No parece hombre de este tiempo: no está alineado con el consumismo y siente el palpitar de la naturaleza. Da igual donde esté, en la plaza sevillana del Altozano o en las vegas acrisoladas de la Tierra de Alba zamorana; siente. Y ve lo que pasa a su alrededor. Y lo interioriza. Disfruta, se duele, llora, ama, como las gentes de antes. Esa sensibilidad que nada sobre los gestos, que bucea entre las vísceras, necesita una gatera por la que escurrirse. La ventana del arte le da el aire, el bálsamo que oxigena la existencia, el sendero de albero que serpentea entre un pantagruélico campo de gatuñas. La creación como espita, como floresta en el desierto. Laudelino Díaz Pino (1955), pintor de luces y de sombras, de los claroscuros de la vida, respira inquietudes y si hubiera nacido en la Florencia del Renacimiento, quien sabe, quizás, ahora, nos sonara su nombre.

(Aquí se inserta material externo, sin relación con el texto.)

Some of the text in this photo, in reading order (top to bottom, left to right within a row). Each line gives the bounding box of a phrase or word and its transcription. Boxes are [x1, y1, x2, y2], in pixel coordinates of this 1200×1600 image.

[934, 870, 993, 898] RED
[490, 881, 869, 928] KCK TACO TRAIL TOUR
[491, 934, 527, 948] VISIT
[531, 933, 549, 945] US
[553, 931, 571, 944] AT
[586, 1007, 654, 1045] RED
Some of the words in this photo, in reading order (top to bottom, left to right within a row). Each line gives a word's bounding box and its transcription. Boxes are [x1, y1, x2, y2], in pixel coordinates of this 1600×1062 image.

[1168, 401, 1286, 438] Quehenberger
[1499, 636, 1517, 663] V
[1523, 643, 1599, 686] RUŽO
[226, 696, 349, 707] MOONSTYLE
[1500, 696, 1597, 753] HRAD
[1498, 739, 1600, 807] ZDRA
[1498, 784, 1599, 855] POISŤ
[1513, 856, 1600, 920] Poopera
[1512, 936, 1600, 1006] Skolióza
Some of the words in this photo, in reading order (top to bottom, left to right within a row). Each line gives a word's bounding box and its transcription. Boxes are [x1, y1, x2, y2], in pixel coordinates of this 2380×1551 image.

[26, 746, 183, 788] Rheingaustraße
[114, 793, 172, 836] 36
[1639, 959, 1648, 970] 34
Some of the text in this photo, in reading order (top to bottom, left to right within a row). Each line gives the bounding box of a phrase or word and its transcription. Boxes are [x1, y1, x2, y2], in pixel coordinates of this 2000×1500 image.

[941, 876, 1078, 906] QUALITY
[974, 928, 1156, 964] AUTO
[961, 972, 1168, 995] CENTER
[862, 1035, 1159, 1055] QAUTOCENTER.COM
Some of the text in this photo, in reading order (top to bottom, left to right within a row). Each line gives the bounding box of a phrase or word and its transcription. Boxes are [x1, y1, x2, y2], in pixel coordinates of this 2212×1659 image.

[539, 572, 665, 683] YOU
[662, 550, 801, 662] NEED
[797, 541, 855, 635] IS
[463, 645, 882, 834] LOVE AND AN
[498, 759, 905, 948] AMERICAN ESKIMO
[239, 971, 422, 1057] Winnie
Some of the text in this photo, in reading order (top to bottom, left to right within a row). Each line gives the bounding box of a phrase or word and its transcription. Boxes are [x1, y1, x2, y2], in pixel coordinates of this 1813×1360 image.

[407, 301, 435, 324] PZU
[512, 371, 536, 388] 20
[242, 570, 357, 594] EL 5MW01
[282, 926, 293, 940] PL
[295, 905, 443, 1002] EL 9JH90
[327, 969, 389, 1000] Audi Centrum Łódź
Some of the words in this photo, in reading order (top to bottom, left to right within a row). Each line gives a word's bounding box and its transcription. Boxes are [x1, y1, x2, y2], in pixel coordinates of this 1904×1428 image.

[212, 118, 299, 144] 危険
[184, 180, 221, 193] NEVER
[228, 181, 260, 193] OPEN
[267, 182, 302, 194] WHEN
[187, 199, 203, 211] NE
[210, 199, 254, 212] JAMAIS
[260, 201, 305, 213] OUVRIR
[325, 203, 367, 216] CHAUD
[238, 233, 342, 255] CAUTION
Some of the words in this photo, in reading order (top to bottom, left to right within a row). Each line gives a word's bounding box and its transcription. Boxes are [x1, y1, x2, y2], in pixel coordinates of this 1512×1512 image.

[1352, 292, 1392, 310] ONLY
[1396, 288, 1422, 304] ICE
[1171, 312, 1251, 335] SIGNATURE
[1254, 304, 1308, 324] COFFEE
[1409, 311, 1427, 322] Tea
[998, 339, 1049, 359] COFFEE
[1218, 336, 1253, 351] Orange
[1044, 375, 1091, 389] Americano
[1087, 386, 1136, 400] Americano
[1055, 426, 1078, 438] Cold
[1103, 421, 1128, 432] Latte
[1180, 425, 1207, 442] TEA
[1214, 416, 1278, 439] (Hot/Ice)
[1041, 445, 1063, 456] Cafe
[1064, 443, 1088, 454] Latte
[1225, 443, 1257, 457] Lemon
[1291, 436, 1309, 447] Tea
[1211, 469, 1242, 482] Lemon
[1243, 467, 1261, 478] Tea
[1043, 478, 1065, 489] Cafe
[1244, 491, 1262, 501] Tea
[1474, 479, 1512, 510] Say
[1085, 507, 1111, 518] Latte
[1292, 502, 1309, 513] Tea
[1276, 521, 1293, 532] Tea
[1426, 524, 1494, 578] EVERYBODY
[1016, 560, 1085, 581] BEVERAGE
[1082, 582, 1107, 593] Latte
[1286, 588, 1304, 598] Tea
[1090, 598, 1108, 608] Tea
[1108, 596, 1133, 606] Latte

Zamorano y sevillano, que se pueden tener dos almas sin vender el cuerpo al diablo. Que en Camas gallea y ventea el sentir andulusí y en Marquiz, su pueblo natal, campea y mira al cielo con ojos de campesino castellano resequido. No es incompatible cimbrearse al son que más vibra en una caseta de la feria de abril y doblar el espinazo al sol que más calienta entre un bosque de trigo reventón. Que a Marquiz lo parieron los mozárabes y Pino ha recuperado en cuerpo y alma esa herencia genética.

Siempre vuelve en verano. Y en Navidad. Y cuando se tercia, que en Tierra de Alba vive su madre, Laura, sus recuerdos de infancia y juventud, la sombra de su padre, Lorenzo, y la tierra, cordón umbilical de la nada y el todo, que une el cristal -aterciopelado o acerado, depende- de la vida y de la muerte, del principio y del final.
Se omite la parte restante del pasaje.